[What you need to do]: Repeat all entries word for word; skip images.

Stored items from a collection
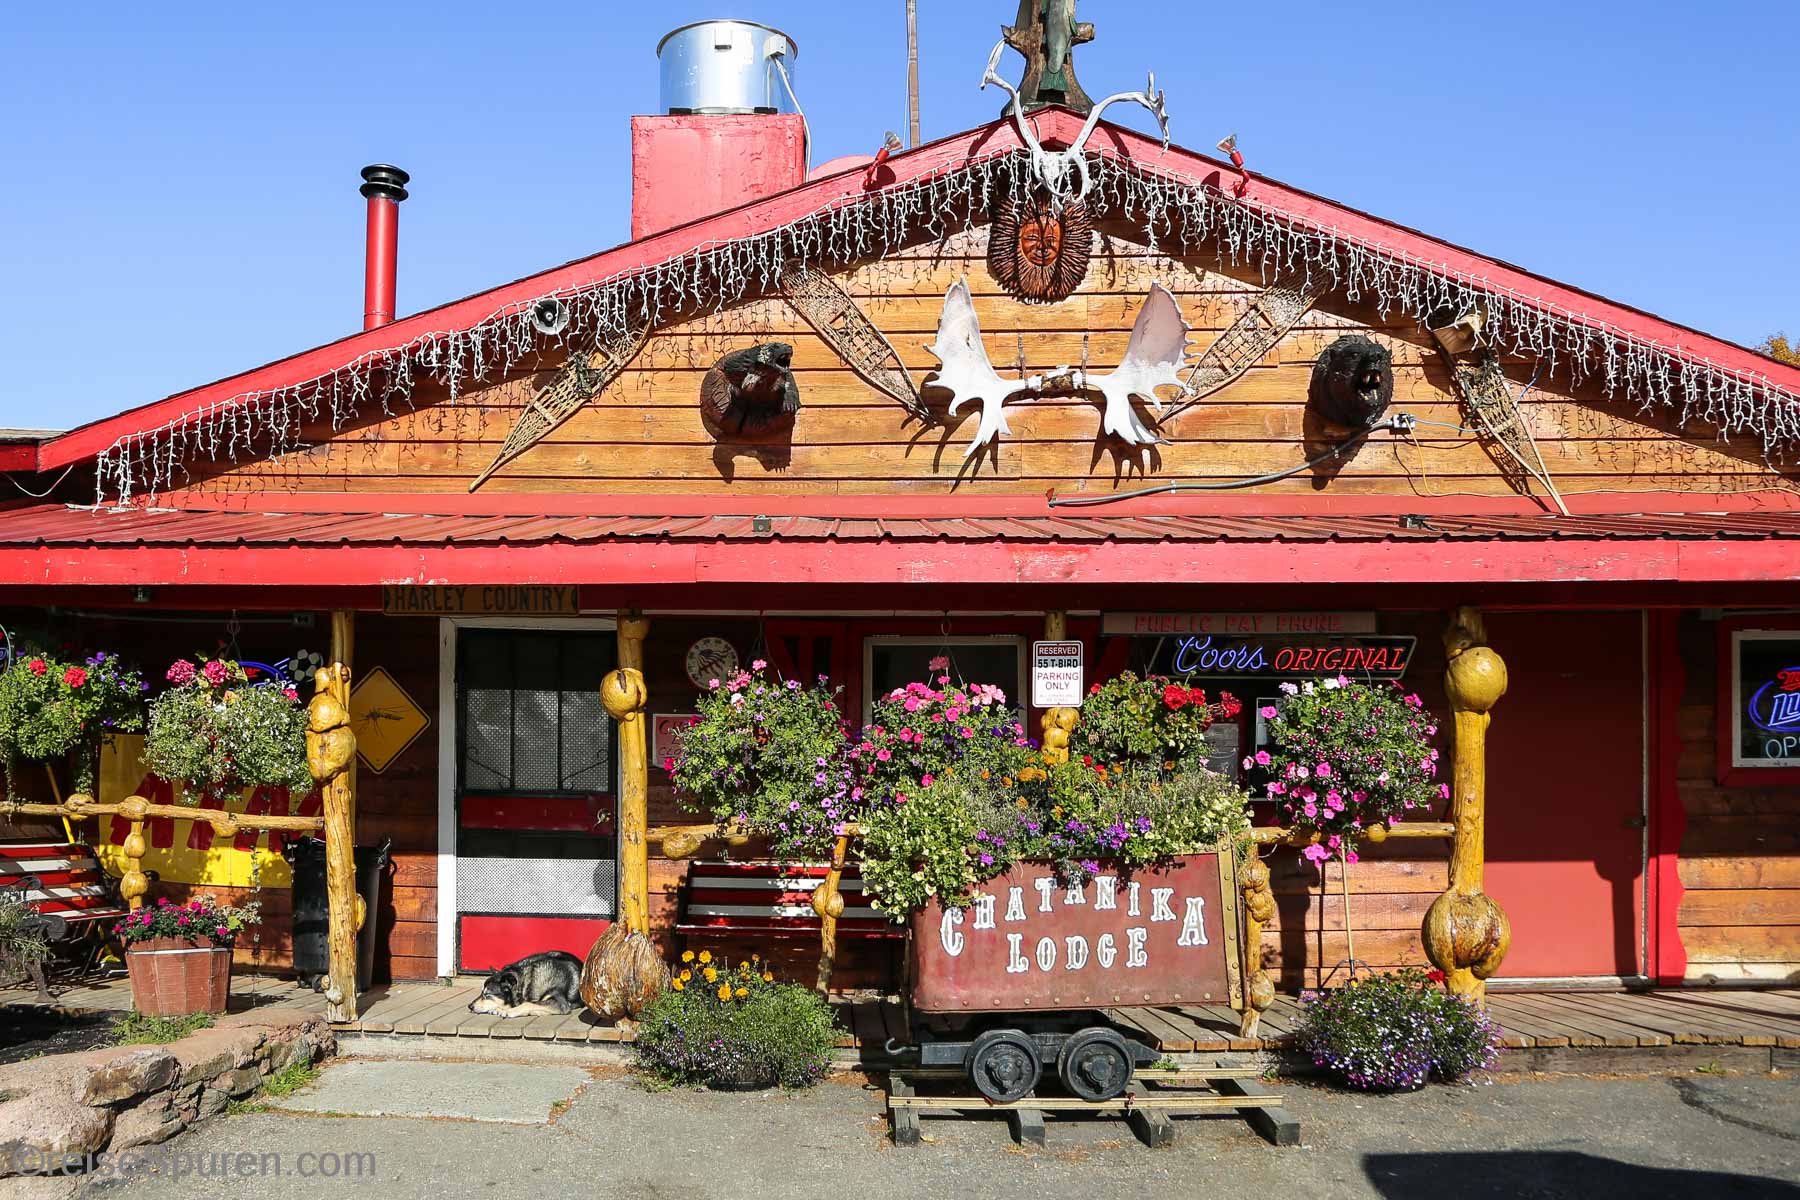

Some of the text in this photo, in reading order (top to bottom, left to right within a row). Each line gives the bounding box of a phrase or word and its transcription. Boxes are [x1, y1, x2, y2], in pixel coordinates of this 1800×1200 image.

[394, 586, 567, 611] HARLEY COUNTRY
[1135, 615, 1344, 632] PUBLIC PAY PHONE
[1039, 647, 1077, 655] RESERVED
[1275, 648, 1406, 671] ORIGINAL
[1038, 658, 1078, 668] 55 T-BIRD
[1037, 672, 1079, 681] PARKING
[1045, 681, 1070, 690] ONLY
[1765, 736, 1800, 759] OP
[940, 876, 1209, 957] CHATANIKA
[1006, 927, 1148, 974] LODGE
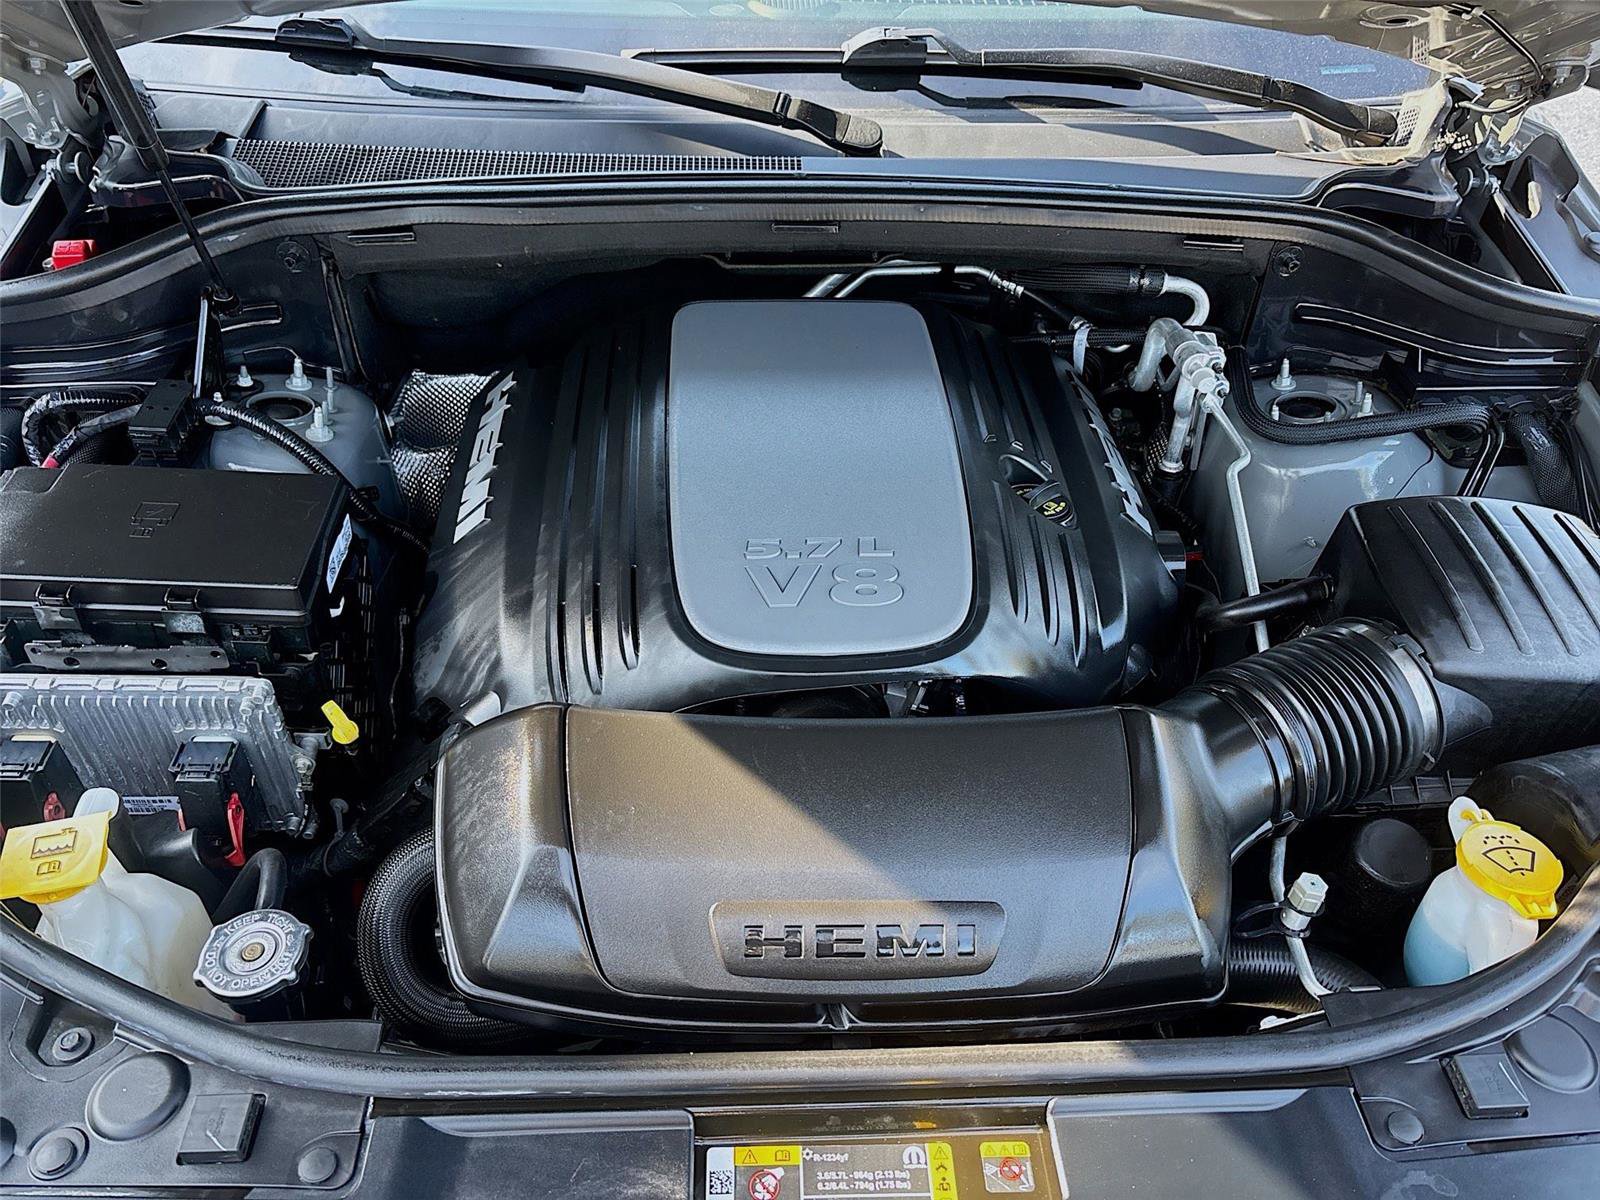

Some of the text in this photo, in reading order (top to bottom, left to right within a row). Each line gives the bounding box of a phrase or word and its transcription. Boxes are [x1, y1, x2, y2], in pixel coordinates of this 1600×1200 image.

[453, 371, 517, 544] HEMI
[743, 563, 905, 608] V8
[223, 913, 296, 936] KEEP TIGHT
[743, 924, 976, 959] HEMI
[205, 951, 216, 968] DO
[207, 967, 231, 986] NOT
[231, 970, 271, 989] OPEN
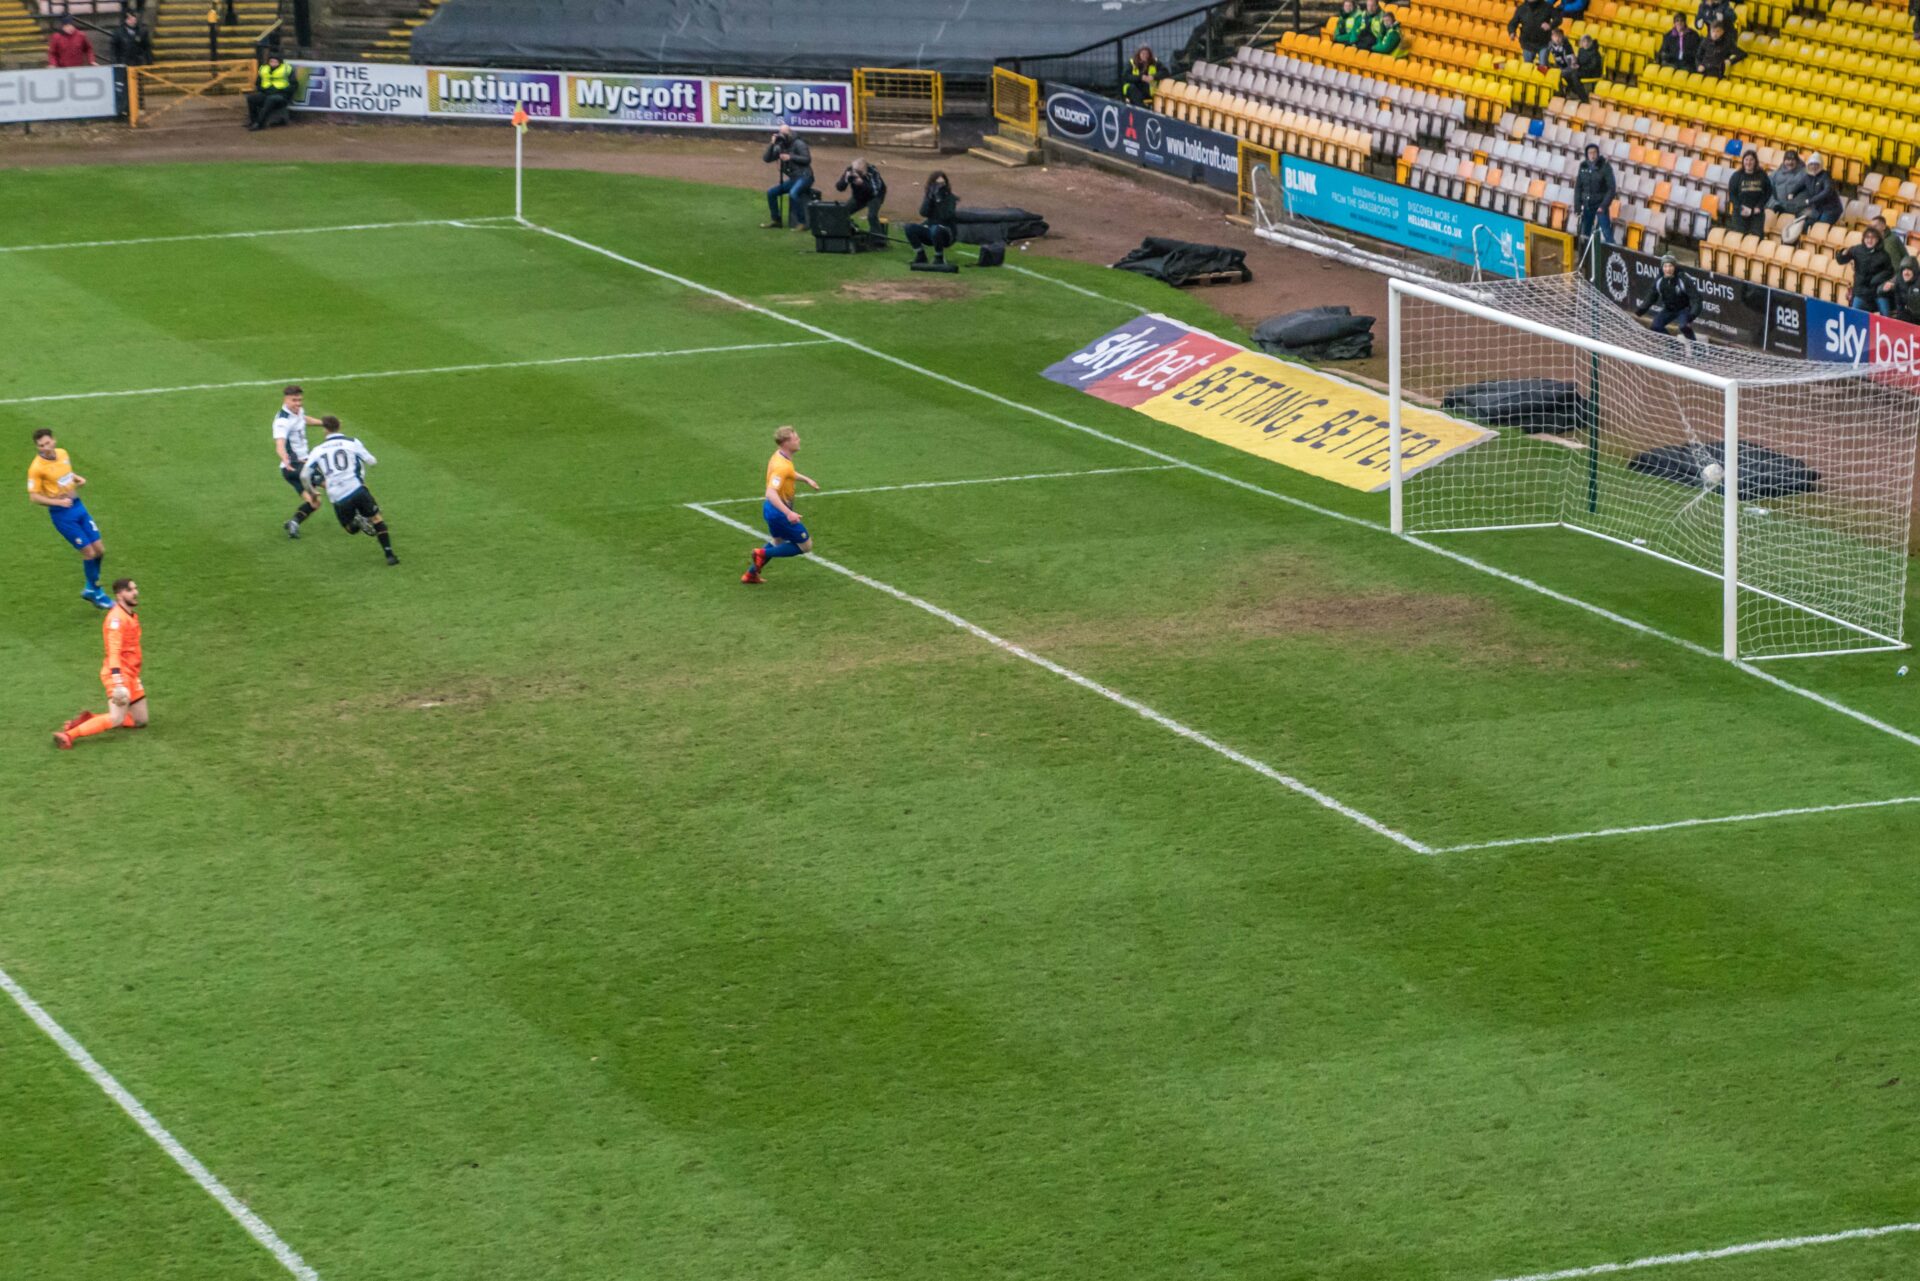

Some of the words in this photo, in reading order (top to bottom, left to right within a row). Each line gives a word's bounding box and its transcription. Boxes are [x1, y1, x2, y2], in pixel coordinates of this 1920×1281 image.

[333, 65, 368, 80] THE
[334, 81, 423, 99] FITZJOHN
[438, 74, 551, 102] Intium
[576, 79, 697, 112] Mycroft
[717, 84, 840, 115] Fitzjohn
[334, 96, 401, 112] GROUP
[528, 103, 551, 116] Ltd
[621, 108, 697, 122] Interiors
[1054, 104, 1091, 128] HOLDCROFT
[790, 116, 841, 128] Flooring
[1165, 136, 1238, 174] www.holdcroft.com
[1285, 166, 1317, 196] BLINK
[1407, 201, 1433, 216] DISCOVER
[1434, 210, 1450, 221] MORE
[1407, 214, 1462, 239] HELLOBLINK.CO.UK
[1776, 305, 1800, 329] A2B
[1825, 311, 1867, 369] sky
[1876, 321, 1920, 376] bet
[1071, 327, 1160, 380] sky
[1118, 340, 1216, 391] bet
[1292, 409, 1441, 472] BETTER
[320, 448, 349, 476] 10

[Response]:
Some of the text in this photo, in reading order (top to bottom, left to right within a row). Each line gives the bounding box of a phrase or word and its transcription. Boxes are [x1, y1, x2, y2], in pixel coordinates of this 1800×1200 image.

[394, 586, 567, 611] HARLEY COUNTRY
[1135, 615, 1344, 632] PUBLIC PAY PHONE
[1039, 647, 1077, 655] RESERVED
[1275, 648, 1406, 671] ORIGINAL
[1038, 658, 1078, 668] 55 T-BIRD
[1037, 672, 1079, 681] PARKING
[1045, 681, 1070, 690] ONLY
[1765, 736, 1800, 759] OP
[940, 876, 1209, 957] CHATANIKA
[1006, 927, 1148, 974] LODGE

Some of the text in this photo, in reading order (top to bottom, left to right within a row). Each line gives the bounding box of a phrase or word and its transcription. Boxes are [x1, y1, x2, y2], in pixel coordinates of this 1600×1200 image.

[453, 371, 517, 544] HEMI
[743, 563, 905, 608] V8
[223, 913, 296, 936] KEEP TIGHT
[743, 924, 976, 959] HEMI
[205, 951, 216, 968] DO
[207, 967, 231, 986] NOT
[231, 970, 271, 989] OPEN

Some of the words in this photo, in reading order (top to bottom, left to right within a row). Each line gives a word's bounding box and its transcription. Boxes are [x1, y1, x2, y2], in pixel coordinates of this 1920×1281 image.

[333, 65, 368, 80] THE
[334, 81, 423, 99] FITZJOHN
[438, 74, 551, 102] Intium
[576, 79, 697, 112] Mycroft
[717, 84, 840, 115] Fitzjohn
[334, 96, 401, 112] GROUP
[528, 103, 551, 116] Ltd
[621, 108, 697, 122] Interiors
[1054, 104, 1091, 128] HOLDCROFT
[790, 116, 841, 128] Flooring
[1165, 136, 1238, 174] www.holdcroft.com
[1285, 166, 1317, 196] BLINK
[1407, 201, 1433, 216] DISCOVER
[1434, 210, 1450, 221] MORE
[1407, 214, 1462, 239] HELLOBLINK.CO.UK
[1776, 305, 1800, 329] A2B
[1825, 311, 1867, 369] sky
[1876, 321, 1920, 376] bet
[1071, 327, 1160, 380] sky
[1118, 340, 1216, 391] bet
[1292, 409, 1441, 472] BETTER
[320, 448, 349, 476] 10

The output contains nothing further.